Ontario students seek grade ‘freeze’ during Omicron-interrupted semester
Published January 20, 2022 at 1:59 pm
High schoolers across Ontario are lobbying their school boards and the province for a “freeze” on grades for the remainder of this Omicron-interrupted semester after some boards said final marks wouldn’t fall further than where they were at the end of last year.
The students behind various petitions — which have together garnered more than 15,000 signatures supporting the call for a grade freeze— have formed a sort of unofficial network, sharing information about advocating for what they say would be a more equitable system that accounts for the complexities of the COVID-era classroom.
“This constant transition back and forth between online to in-person, online, without any idea of what’s going to happen next, has taken a large toll,” said high school senior Kake Jin, one of the organizers of a petition targeting the Ottawa-Carleton District School Board.
“It’s just the general ominous atmosphere that’s putting a lot of stress on students.”
Ontario has moved between in-person and remote learning several times since the pandemic hit. Most recently, students began the winter term with remote learning as COVID-19 cases soared, and returned to physical classrooms this week.
Jin said she was struck by the number of empty desks when she returned to in-person learning a few days ago.
She didn’t know if her missing classmates were in isolation after being exposed to COVID-19, if they had come down with the virus, or if they were staying home out of fear.

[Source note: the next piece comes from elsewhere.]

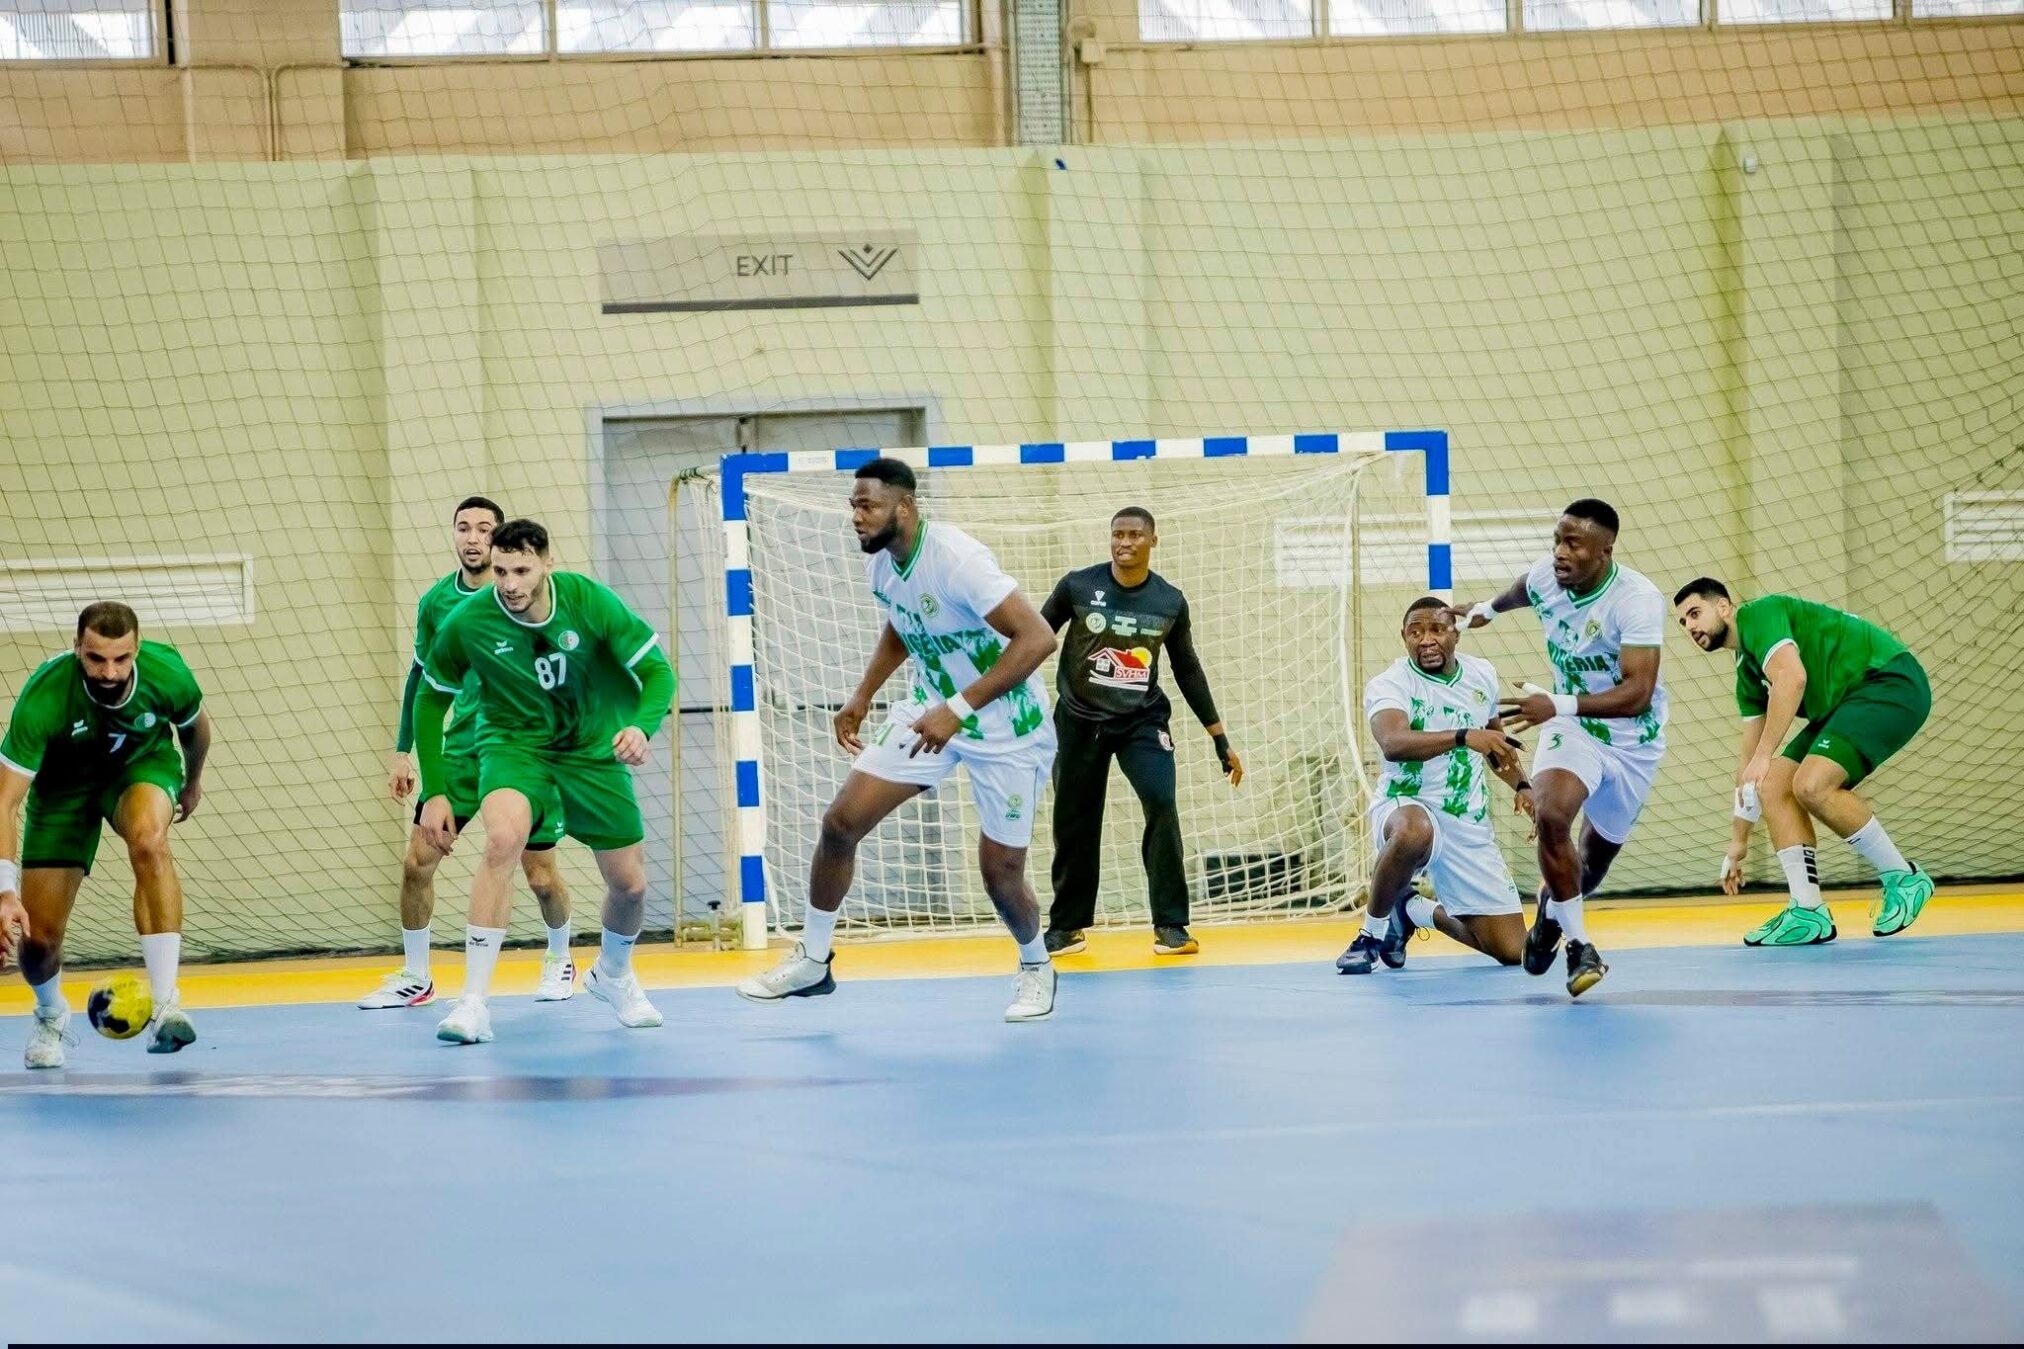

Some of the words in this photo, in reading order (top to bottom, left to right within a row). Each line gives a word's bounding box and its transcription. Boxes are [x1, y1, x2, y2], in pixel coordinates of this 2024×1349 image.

[737, 254, 793, 276] EXIT
[534, 652, 567, 691] 87
[108, 732, 127, 753] 7

But she did know it wasn’t an ideal learning situation.
Students’ performance may falter as they try to study for exams while under pandemic-induced stress or miss classes due to isolation requirements, Jin said, so those in boards where grades won’t fall further are at an advantage.
“It can’t just be sprinkles over here and sprinkles over there,” she said. “Right now we need to make sure that everyone’s needs are getting met. And having inconsistencies, and disparities between different boards really isn’t solving the issue.”
A spokesperson for the Ottawa-Carleton District School Board said it’s already cancelled summative assignments and exams, which would typically account for 30 per cent of a student’s final mark, so that “final marks would be based on 100 per cent on term learning.”
“We recognize and value the initiative of student leaders in putting together a proposal regarding marks and advocating on behalf of fellow students. We hear the concerns that they are raising and have reached out to OCDSB student trustees and other student leaders to discuss this issue,” Darcy Knoll said in an email.
The Toronto District School Board has said it won’t deduct marks from high schoolers for assignments completed after Dec. 17, 2021, but students can still use those assignments and tests to improve their grades.
The Peel District School Board, among those targeted by petitions, announced it, too, would prevent grades from dropping.
“We want to reassure you that student marks will not decrease as a result of their participation in the Semester 1 evaluation process. Marks will either increase or remain the same as a result of the evaluation process,” the board wrote in a message to parents on Wednesday.
A spokeswoman for Education Minister Stephen Lecce said the province is allowing boards to be flexible.
“One area where we heard the need for flexibility is the type of assessment teachers could use in determining final grades. In most cases, this may mean an extended essay or report, as opposed to a single exam for 30 per cent of the grade, which would enable students to demonstrate their learning in the class,” Caitlin Clark said in an email.
The Ministry of Education implemented a mark freeze provincewide when the COVID-19 pandemic first shuttered schools in 2020.
Maryam ElSahhar, a Grade 11 student in Ottawa, said many of her peers are concerned that students in boards where grades can’t fall will have a leg up when it comes to applying to post-secondary education.
“Some people from those school boards might see an admissions advantage,” she said.
Faltering performance during a pandemic, particularly when going back and forth between in-class and online learning, doesn’t affect students only at certain boards, she said.
“This is a problem all across the province,” she said.
Todd Cunningham, a child psychologist and assistant professor at the University of Toronto’s Ontario Institute for Studies in Education, said ElSahhar is right.
“Every time we move from in-person to online, or online back to in-person, it takes about a week or so for both the students and the teachers to readjust,” he said.
“If the majority of their marks for a course were coming at the end of the term — which often they do in terms of final tests and projects — then those students would be at a disadvantage, because there’s a high probability that they wouldn’t be able to demonstrate their full learning capacity or potential.”